Objective
Neural tube defects are the second most frequent congenital anomalies after cardiac anomalies. Its prevalence has been reported as 3/1000 in a study carried out in Turkey. Since ultrasonography is a common practice, the diagnosis can be established mostly at first trimester.
Case(s)
The case was 38 years old and G7, P6, A0 and Y6, and her first trimester fetal US revealed live single pregnancy compatible with CRL 14 weeks. Exencephaly diagnosis was established when it was observed that cranium’s integrity was lost and brain tissue had an irregular appearance on the region where fetal head developed. No other anomaly was detected in the fetus. There were no characteristics in her medical history or drug use (she did not use folic acid). She had nothing in her family history. The parent was informed in detail about the anomaly. The parent decided termination.
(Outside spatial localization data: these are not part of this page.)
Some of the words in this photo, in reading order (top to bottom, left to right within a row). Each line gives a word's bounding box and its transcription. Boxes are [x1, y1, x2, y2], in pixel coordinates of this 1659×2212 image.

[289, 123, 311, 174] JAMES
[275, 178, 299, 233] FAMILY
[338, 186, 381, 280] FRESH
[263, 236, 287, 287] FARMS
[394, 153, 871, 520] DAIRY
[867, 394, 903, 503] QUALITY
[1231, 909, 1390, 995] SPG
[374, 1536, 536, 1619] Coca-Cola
The pregnancy was terminated at a tertiary center.
Conclusion
Although anencephaly is defined as the deficiency or absence of the development of brain tissue, it starts as exencephaly (defective development of cranium, Mickey Mouse appearance) or acrania (absence of cranium) and brain tissue contacts directly with amniotic fluid as the week of gestation increases. Cranial bones ossify as of 10 weeks of gestation and they can be seen in the ultrasonography beginning from 11 weeks of gestation. Since anencephaly has fatal outcomes, diagnosing in the fetal ultrasonography examination at first trimester allows parents to have termination option and helps to decrease possible trauma on parents.
Keywords
First trimester, Exencephaly, Prenatal Diagnosis.